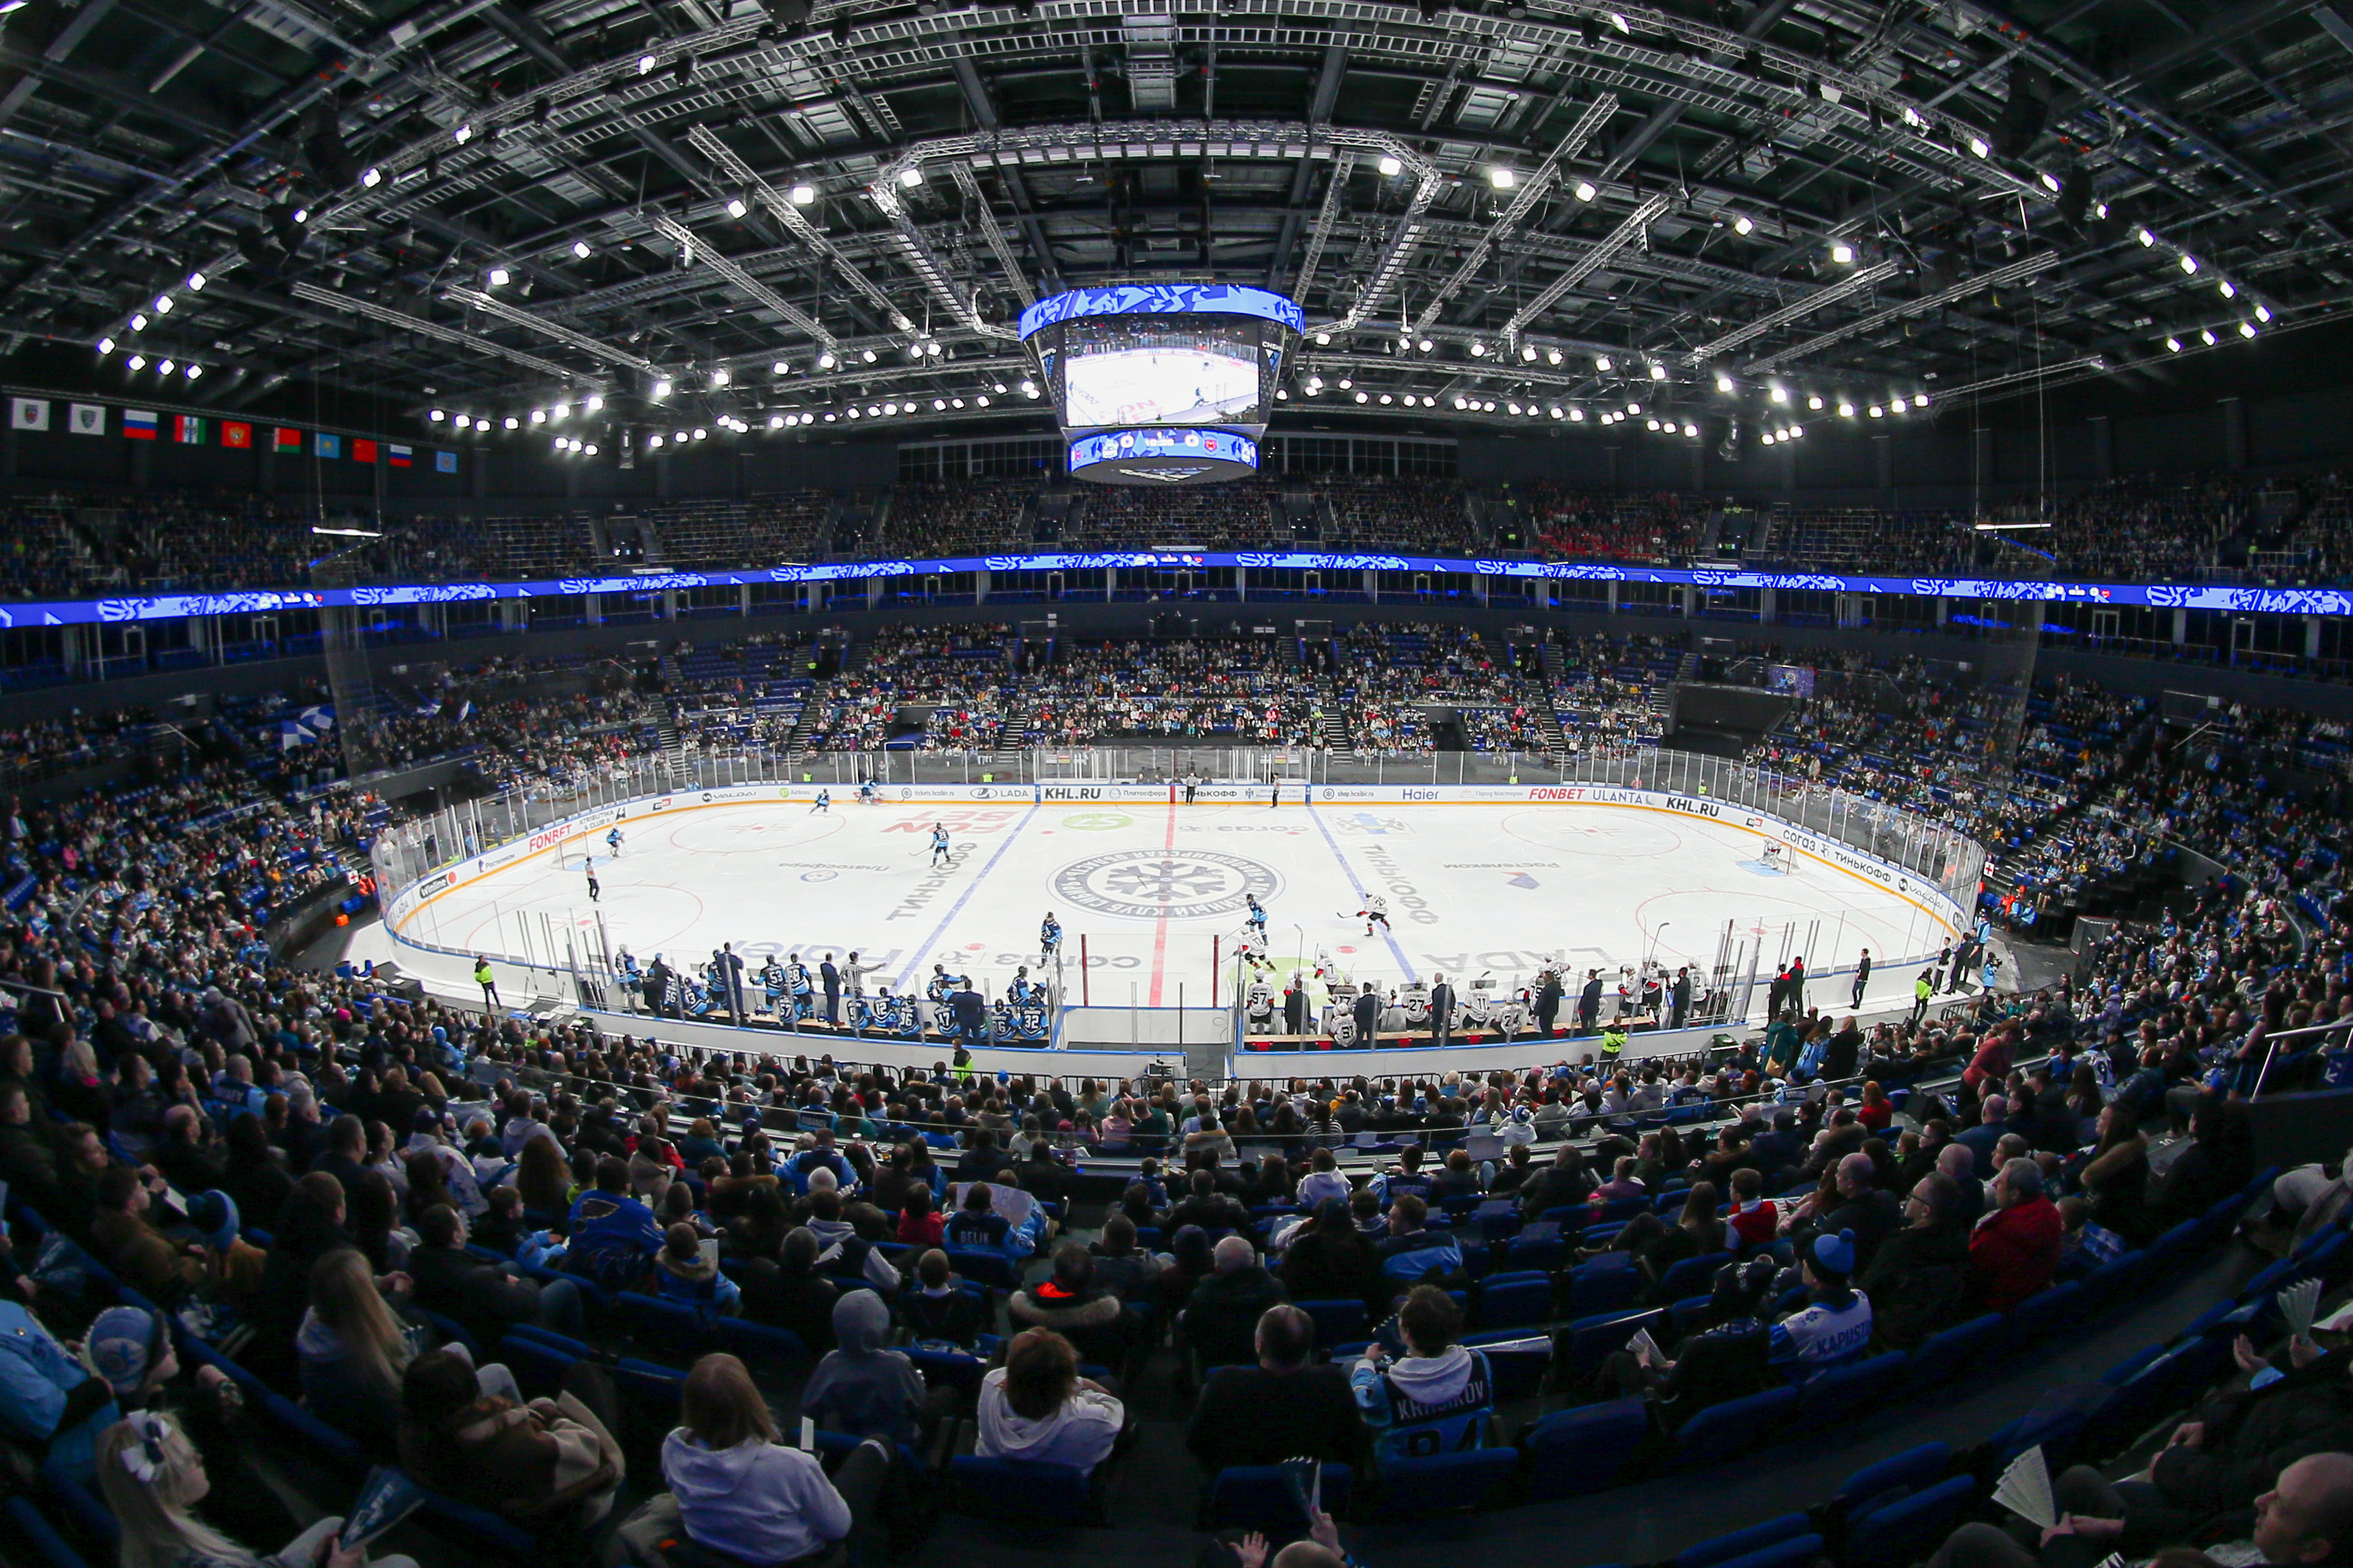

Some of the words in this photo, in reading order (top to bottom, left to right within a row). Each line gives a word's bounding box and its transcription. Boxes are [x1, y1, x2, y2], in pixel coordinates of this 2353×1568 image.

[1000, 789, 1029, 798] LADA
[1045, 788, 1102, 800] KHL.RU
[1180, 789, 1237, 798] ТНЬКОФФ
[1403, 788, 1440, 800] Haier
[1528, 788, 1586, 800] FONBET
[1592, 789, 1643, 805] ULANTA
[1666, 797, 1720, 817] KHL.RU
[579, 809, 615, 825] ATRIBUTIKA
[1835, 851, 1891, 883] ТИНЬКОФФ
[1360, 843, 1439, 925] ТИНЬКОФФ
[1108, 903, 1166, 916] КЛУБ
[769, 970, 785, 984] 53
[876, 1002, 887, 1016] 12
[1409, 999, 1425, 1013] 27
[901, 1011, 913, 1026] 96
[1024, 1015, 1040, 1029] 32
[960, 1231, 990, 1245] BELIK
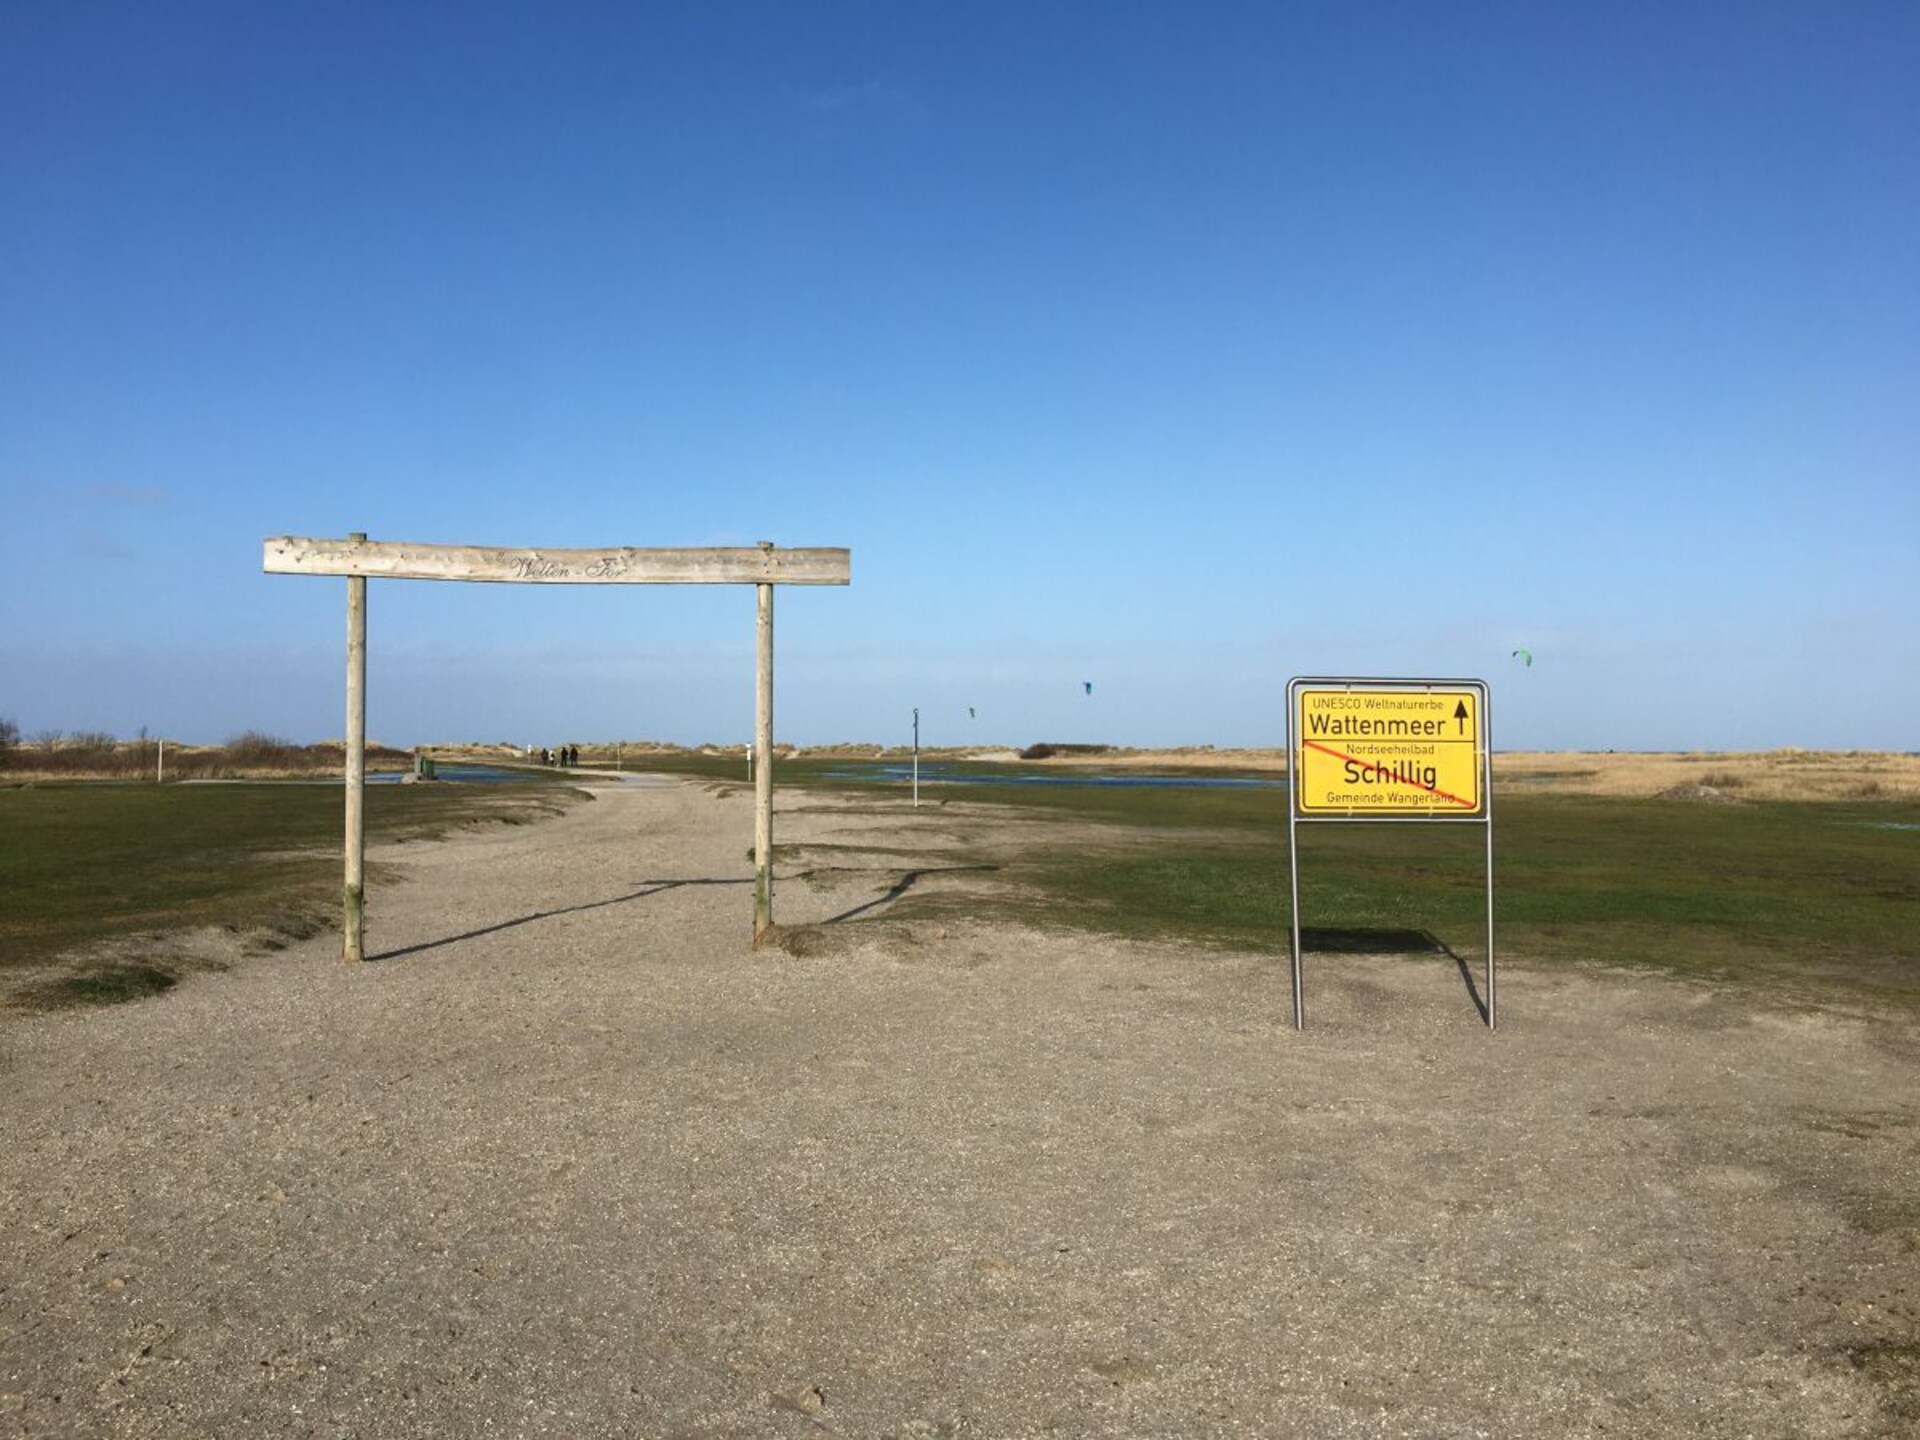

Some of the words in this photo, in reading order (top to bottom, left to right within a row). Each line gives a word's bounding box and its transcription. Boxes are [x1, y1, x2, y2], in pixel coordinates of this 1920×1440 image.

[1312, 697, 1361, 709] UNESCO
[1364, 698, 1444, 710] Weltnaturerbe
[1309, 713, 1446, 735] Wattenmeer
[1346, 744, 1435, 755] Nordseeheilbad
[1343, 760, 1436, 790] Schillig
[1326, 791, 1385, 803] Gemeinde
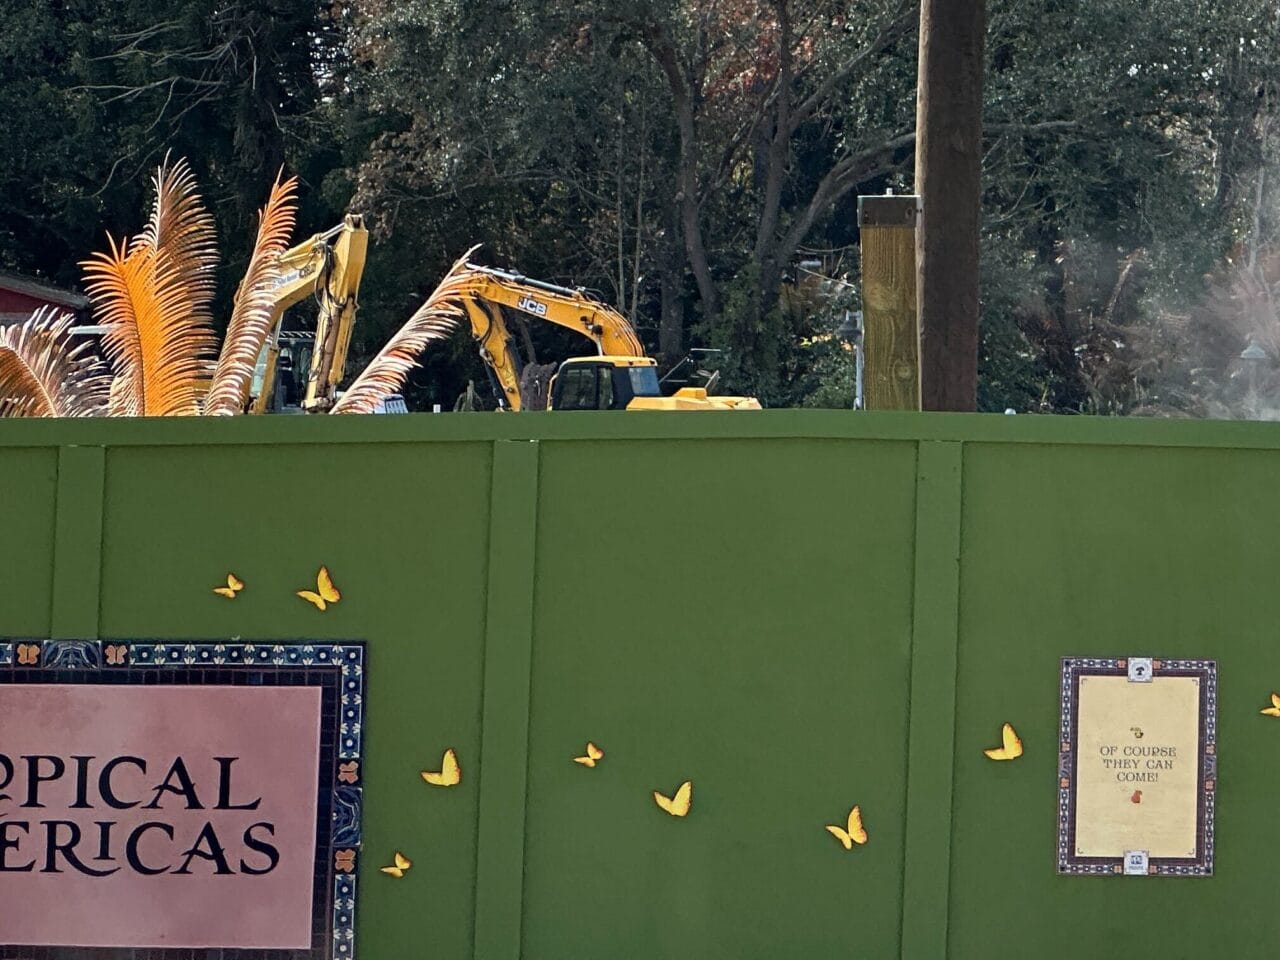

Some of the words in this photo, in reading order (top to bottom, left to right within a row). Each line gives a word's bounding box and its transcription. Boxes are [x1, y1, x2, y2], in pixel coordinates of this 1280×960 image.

○ ○ ○ ○

- _TASK TO CARRY OUT_: Where an entry holds a picture, leave the picture out and output the rest exactly.

- _RESPONSE TO THE EXERCISE_:
Some of the words in this photo, in reading order (top to bottom, left to right within a row). Each line gives a word's bounding box and its transcription. Boxes are [x1, y1, x2, y2], in pixel coordinates of this 2353×1568 image.

[1000, 789, 1029, 798] LADA
[1045, 788, 1102, 800] KHL.RU
[1180, 789, 1237, 798] ТНЬКОФФ
[1403, 788, 1440, 800] Haier
[1528, 788, 1586, 800] FONBET
[1592, 789, 1643, 805] ULANTA
[1666, 797, 1720, 817] KHL.RU
[579, 809, 615, 825] ATRIBUTIKA
[1835, 851, 1891, 883] ТИНЬКОФФ
[1360, 843, 1439, 925] ТИНЬКОФФ
[1108, 903, 1166, 916] КЛУБ
[769, 970, 785, 984] 53
[876, 1002, 887, 1016] 12
[1409, 999, 1425, 1013] 27
[901, 1011, 913, 1026] 96
[1024, 1015, 1040, 1029] 32
[960, 1231, 990, 1245] BELIK

Some of the words in this photo, in reading order (top to bottom, left to right within a row). Each line gives a word's bounding box and its transcription. Boxes are [x1, y1, x2, y2], in pixel coordinates of this 1920×1440 image.

[1312, 697, 1361, 709] UNESCO
[1364, 698, 1444, 710] Weltnaturerbe
[1309, 713, 1446, 735] Wattenmeer
[1346, 744, 1435, 755] Nordseeheilbad
[1343, 760, 1436, 790] Schillig
[1326, 791, 1385, 803] Gemeinde

Some of the words in this photo, in reading order (top to bottom, left to right within a row). Each line gives a word's bounding box and its transcription. Boxes are [x1, y1, x2, y2], in pixel coordinates of this 1280×960 image.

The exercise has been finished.